In the last few months there’s been an explosion of AI tools, with all the media coverage you’d expect of something that seems like science-fiction come to life. Sci-fi fans are already familiar with all of the debates but now those are reaching mainstream audiences. And as always with social media, people get pushed into binary thinking and opposing camps: either AI is going to be amazing and we should welcome our new overlords, or AI is going to turn the internet into piles of kipple and grey goo where no human will want to be.

My own feeling is that machine learning technology is good enough now that we will not be able to avoid it. If I’m right, then we have to start training it better. Any AI tool is a probability machine, picking the most statistically plausible option from a range of choices it’s learned from it’s training body of work. So you could train a joke app on videos of stand-up comedians and comedy movies and joke books for kids. And it would learn the structure of a joke based on the common features, and possibly generate some new ones by remixing old material.

I looked up how the AI-powered overlay tools claim to work, and found this statement on the website of a well-known product:

It visually matches elements and behaviors to millions of past encounters to learn from context what elements actually do and their purpose on the page. Then all the necessary code adjustments are implemented to reflect blind people using screen readers precisely what’s on the screen and the purpose of every element, exactly as it was intended originally.

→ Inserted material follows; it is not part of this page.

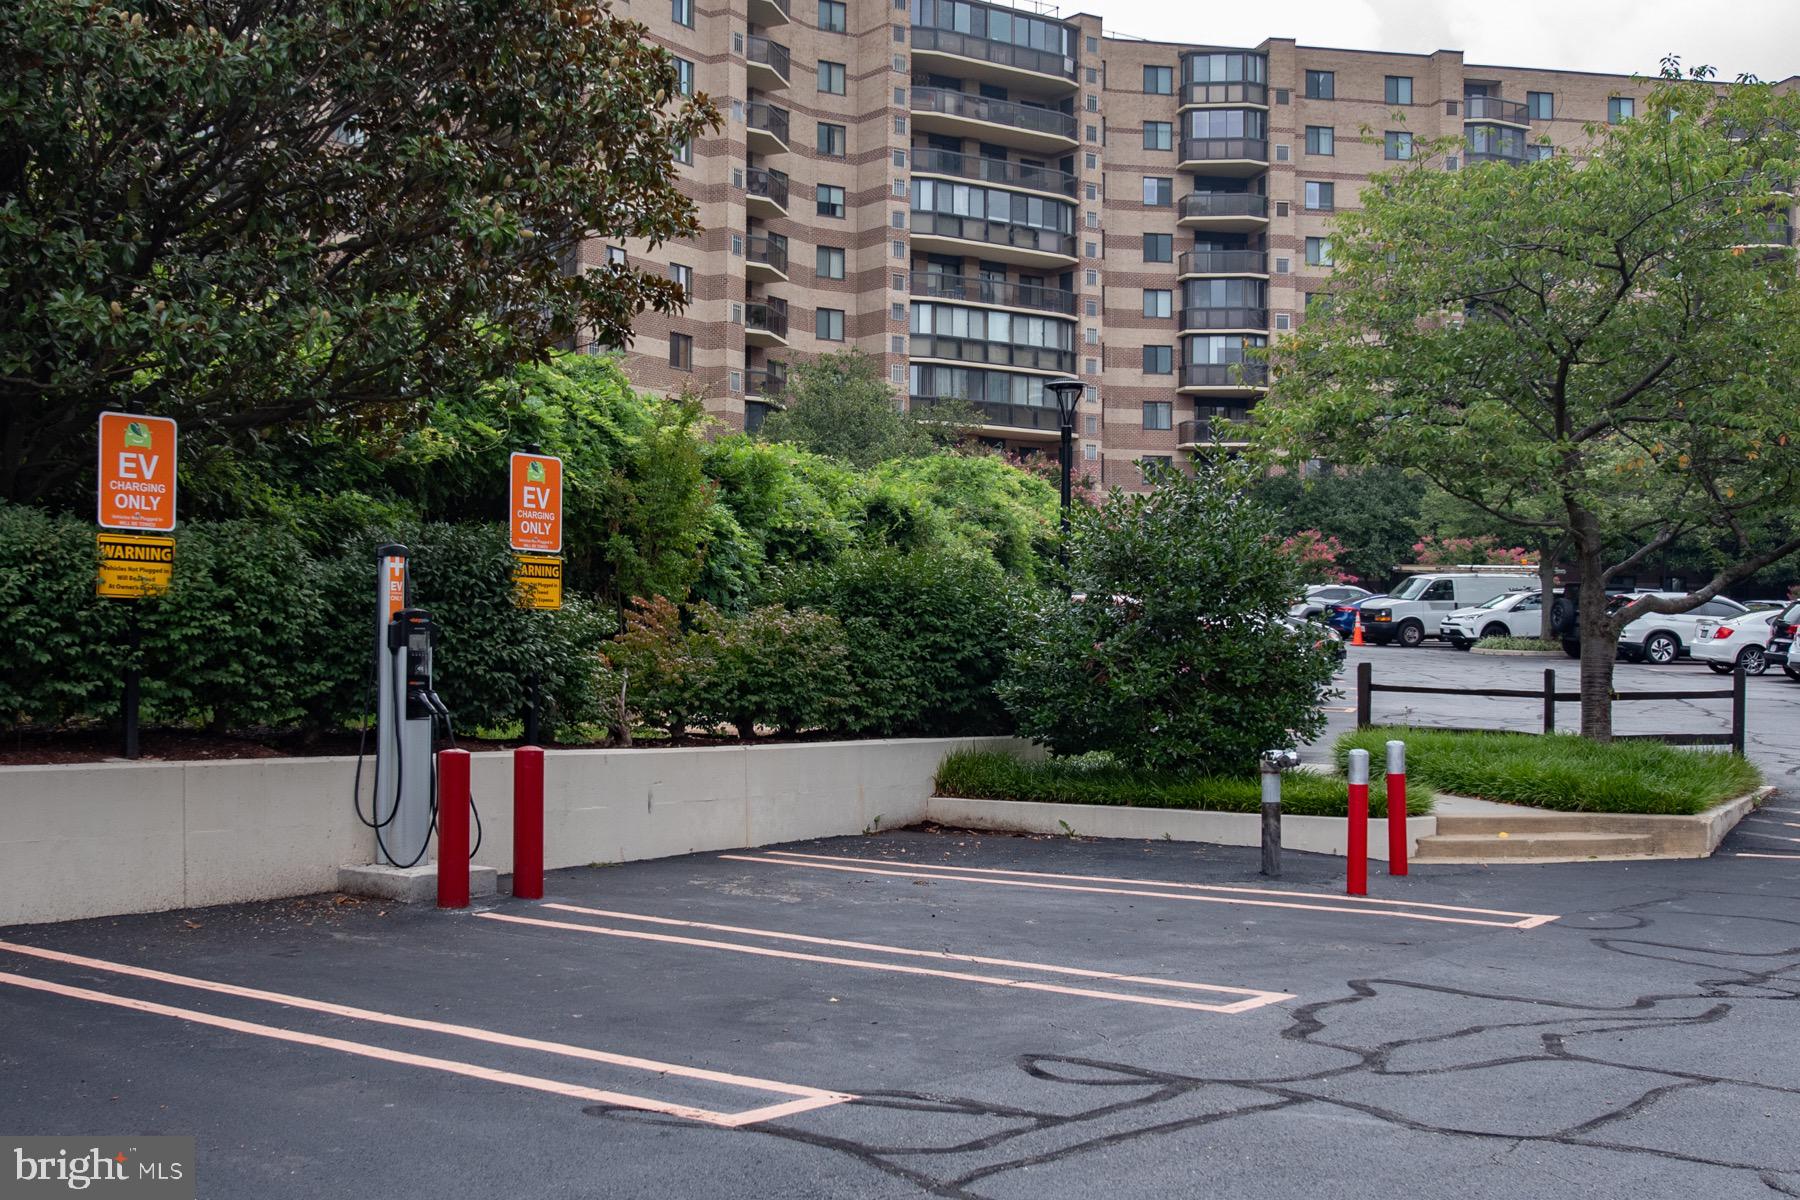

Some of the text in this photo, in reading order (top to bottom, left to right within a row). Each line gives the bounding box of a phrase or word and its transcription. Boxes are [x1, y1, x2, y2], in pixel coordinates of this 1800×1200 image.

My problem with this process is in the first sentence, not the second. Most websites I’ve used (both professionally and personally) have some very confusing visual styles. My favourite example is the concept of a “dropdown”, which covers a dozen different types of UI and is easily abused (swearing warning on that link!). The visible UI of most websites is confusing and was built with no UX guidance. If the machines are learning from the existing web, then their training body is low-grade crap. I’m actually ok with the overall visual dodginess of the web, because I think the trade-offs (reduced gatekeeping of communications tech, a portable and flexible medium) are worth it. I just wouldn’t want to train my new AI overlords on the websites I use and enjoy every day.

If I want AI to take over my accessibility job, either as an overlay or a really good code linter or a no-code website builder, then I have to work harder to make sure that AI has a better body of work to learn from. That means I want everyone to start making more accessible sites now, with accessible UX and visual design and code. Then we can let the machine-learning tools loose on those, they can be uplifted into a genuinely competent AI which will make all of our new websites accessible.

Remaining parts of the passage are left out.